A lot of this has to do with Apple Pay, a service that Apple is promoting to use a phone to pay bills rather than using a debit card. Samsung has a similar service, so has Google. They are all trying to get consumers to use this service rather than a debit/credit card.
I think it is a valid concern from Apple with regards to using a phone to pay bills. It would be a very bad thing to bypass security and it would be similar to a backdoor in your debit, Visa or Mastercard. Consumers would go ballistic if there are back doors in their credit cards that allows someone else to unlock and use their cards.
It would be a nightmare for banks worldwide.

Hans
02-23-2016, 10:15 PM
But at the same time the state needs to uphold the interests and right of the rest of its citizenry, even if that means looking into someone's iphone who, you know, killed multiple people in cold blood.

I disagree with that. The state has to find others way of obtaining this data. As a citizen you should have a certain level of guaranteed security.
See also my other posting above with some more background info.

RWGR
02-24-2016, 01:55 PM
I disagree with that. The state has to find others way of obtaining this data. As a citizen you should have a certain level of guaranteed security.
See also my other posting above with some more background info.

Will you at least agree with me that it is, at best, somewhat difficult to interrogate a dead guy?

Bluesky
02-24-2016, 02:59 PM
Will you at least agree with me that it is, at best, somewhat difficult to interrogate a dead guy?

I think one can always try.

The Chronic Liar
02-24-2016, 03:01 PM
Because it is locked with a pass code. If you type in the wrong pass code 10 times the phone will wipe all data on it, in a way that such data cannot be recovered in any way, shape or form. It is a security feature of the phone.
The FBI wants from Apple a custom firmware that bypasses the pass code, so they can unlock the phone and get all the data of it.
Apple refuses to provide the firmware, because it could be used to unlock any other Iphone also and there is a potential it could fall into a hackers hand with far reaching consequences for Apple Iphone's in general and Apple's image as a trustworthy company.


A lot of this has to do with Apple Pay, a service that Apple is promoting to use a phone to pay bills rather than using a debit card. Samsung has a similar service, so has Google.
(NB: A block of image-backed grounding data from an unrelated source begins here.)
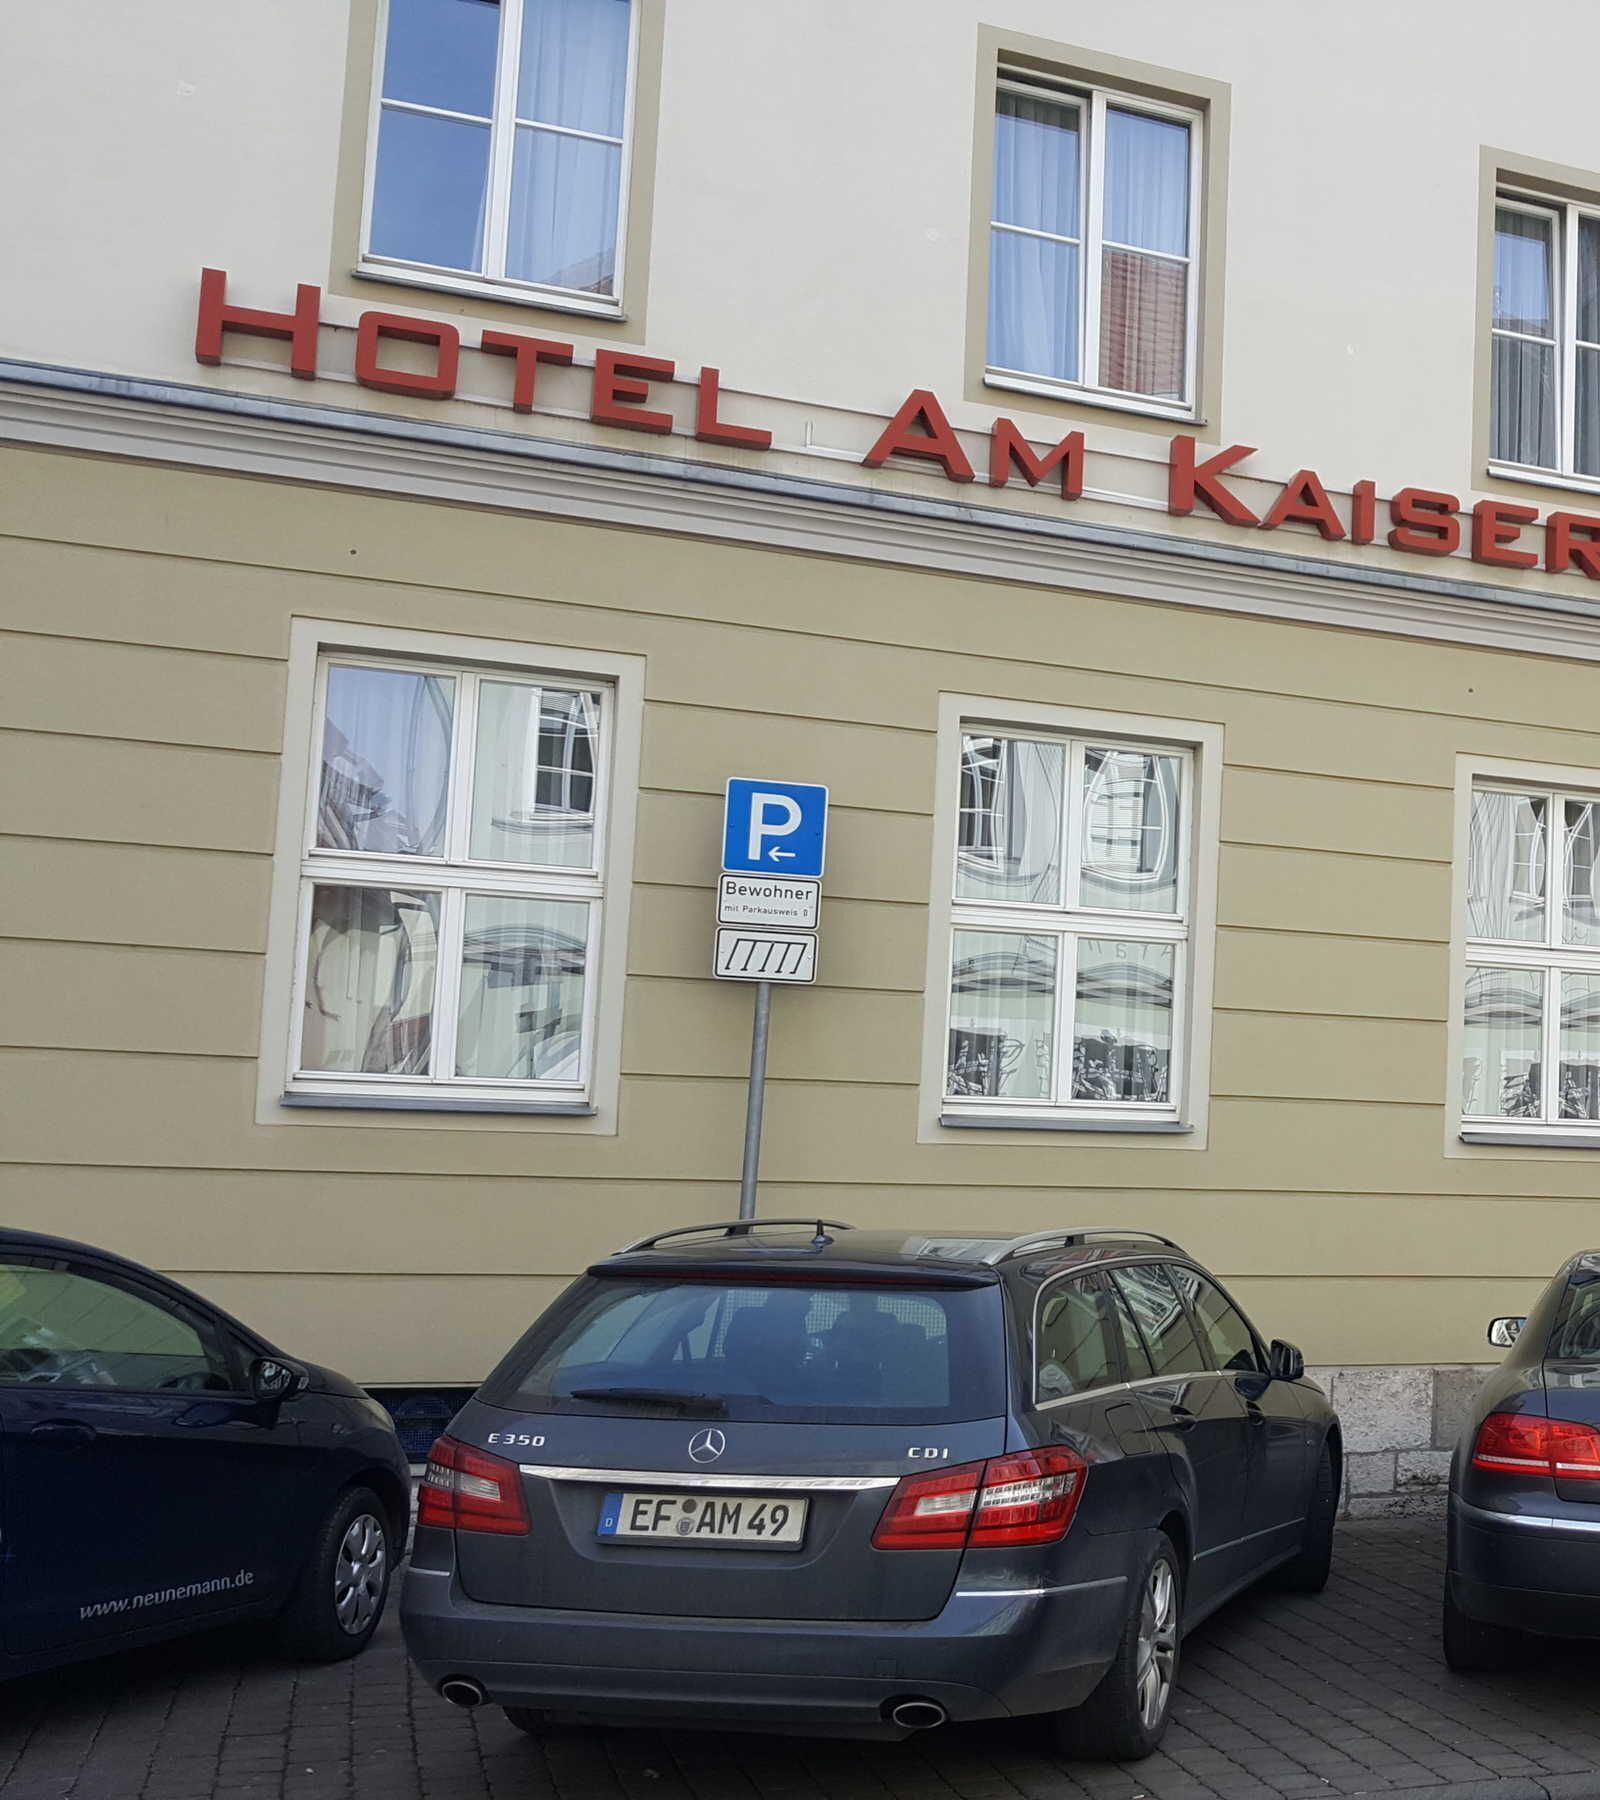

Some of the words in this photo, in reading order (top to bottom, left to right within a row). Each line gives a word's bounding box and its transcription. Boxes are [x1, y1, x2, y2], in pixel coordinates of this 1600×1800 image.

[195, 267, 773, 450] HOTEL
[860, 388, 1085, 501] AM
[747, 791, 802, 861] P
[725, 881, 813, 900] Bewohner
[742, 905, 798, 916] Parkausweis
[487, 1432, 501, 1445] E
[502, 1433, 546, 1447] 350
[908, 1447, 949, 1459] CDI
[747, 1502, 790, 1537] 49
[79, 1568, 255, 1620] www.neunemann.de
They are all trying to get consumers to use this service rather than a debit/credit card.
I think it is a valid concern from Apple with regards to using a phone to pay bills. It would be a very bad thing to bypass security and it would be similar to a backdoor in your debit, Visa or Mastercard. Consumers would go ballistic if there are back doors in their credit cards that allows someone else to unlock and use their cards.
It would be a nightmare for banks worldwide.

I have some friends with iphones. A good prank would be to try 10 passwords on their phone.

Barry Morris
02-24-2016, 06:57 PM
Will you at least agree with me that it is, at best, somewhat difficult to interrogate a dead guy?
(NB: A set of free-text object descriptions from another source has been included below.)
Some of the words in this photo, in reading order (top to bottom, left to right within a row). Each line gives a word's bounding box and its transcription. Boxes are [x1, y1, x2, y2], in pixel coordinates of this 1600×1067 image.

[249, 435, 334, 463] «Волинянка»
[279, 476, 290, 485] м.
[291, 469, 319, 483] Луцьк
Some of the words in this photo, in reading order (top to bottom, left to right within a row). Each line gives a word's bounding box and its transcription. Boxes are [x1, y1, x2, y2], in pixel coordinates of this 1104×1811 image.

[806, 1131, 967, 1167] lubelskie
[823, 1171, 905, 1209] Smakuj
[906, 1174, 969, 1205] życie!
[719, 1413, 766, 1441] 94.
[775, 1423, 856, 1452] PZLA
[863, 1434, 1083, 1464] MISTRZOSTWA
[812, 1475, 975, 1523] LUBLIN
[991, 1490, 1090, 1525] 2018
What for?? The FBI doesn't want to know why anyway.

RWGR
02-24-2016, 07:34 PM
Oh, yippee, someone has been watching marathons of Hollywood conspiracy movies.

That always leads to such mature and cerebral comments.

Hans
02-24-2016, 08:37 PM
Will you at least agree with me that it is, at best, somewhat difficult to interrogate a dead guy?

I do, but there are many other ways to obtain information in this specific case.
Ask yourself, what is so important about the data on this phone that is going to make a difference to this case? What are they hoping to find?

RWGR
02-25-2016, 01:47 PM
I do, but there are many other ways to obtain information in this specific case.
Ask yourself, what is so important about the data on this phone that is going to make a difference to this case? What are they hoping to find?

motive, people he contacted

Hans
02-25-2016, 07:20 PM
I think the motive was clear from day one: terrorism.
As for people he contacted: I am sure there are multiple other ways to retrieve that information.